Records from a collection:
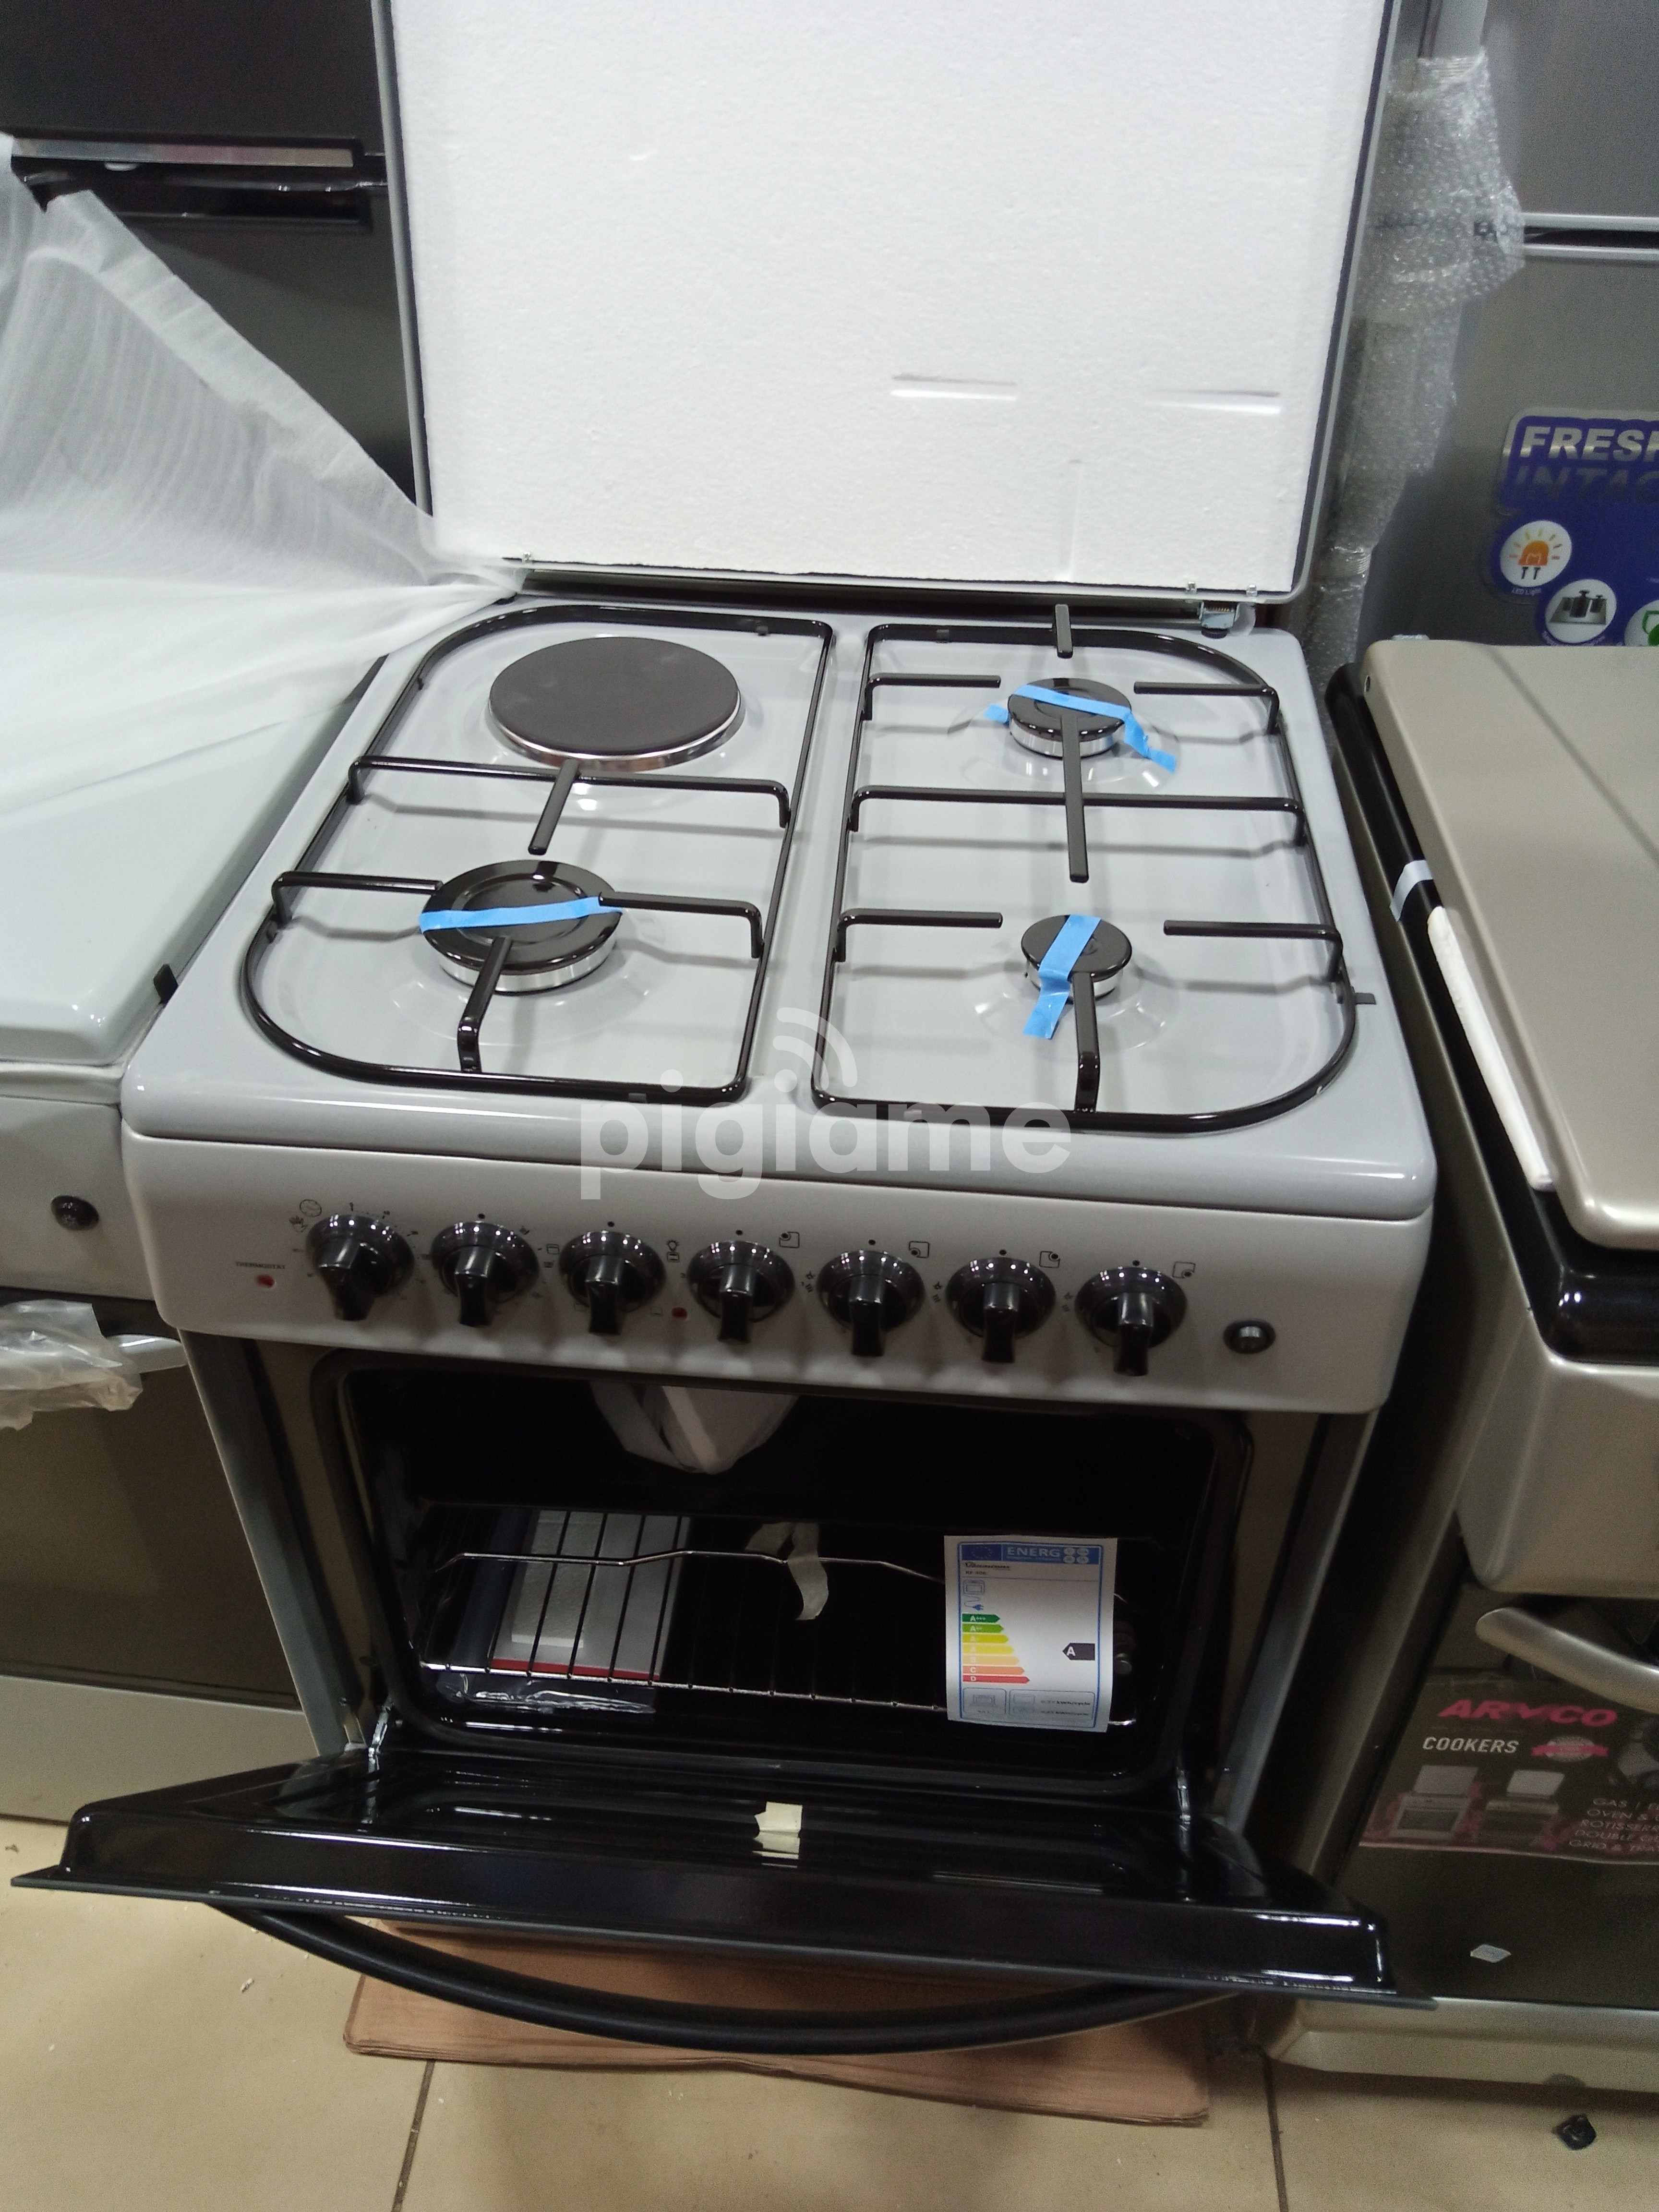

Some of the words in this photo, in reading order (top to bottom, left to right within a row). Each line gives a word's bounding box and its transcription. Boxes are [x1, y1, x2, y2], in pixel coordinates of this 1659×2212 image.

[1007, 1547, 1060, 1558] ENERG
[1066, 1646, 1076, 1657] A
[1422, 1736, 1519, 1754] COOKERS
[1592, 1797, 1628, 1808] GAS
[1587, 1808, 1633, 1819] OVEN

EXERCISE DETAILS:
Could each line of the data be written out exactly, with no pictures included?

SOLUTION TO THIS TASK:
Some of the words in this photo, in reading order (top to bottom, left to right within a row). Each line gives a word's bounding box and its transcription. Boxes are [x1, y1, x2, y2], in pixel coordinates of this 1659×2212 image.

[1007, 1547, 1060, 1558] ENERG
[1066, 1646, 1076, 1657] A
[1422, 1736, 1519, 1754] COOKERS
[1592, 1797, 1628, 1808] GAS
[1587, 1808, 1633, 1819] OVEN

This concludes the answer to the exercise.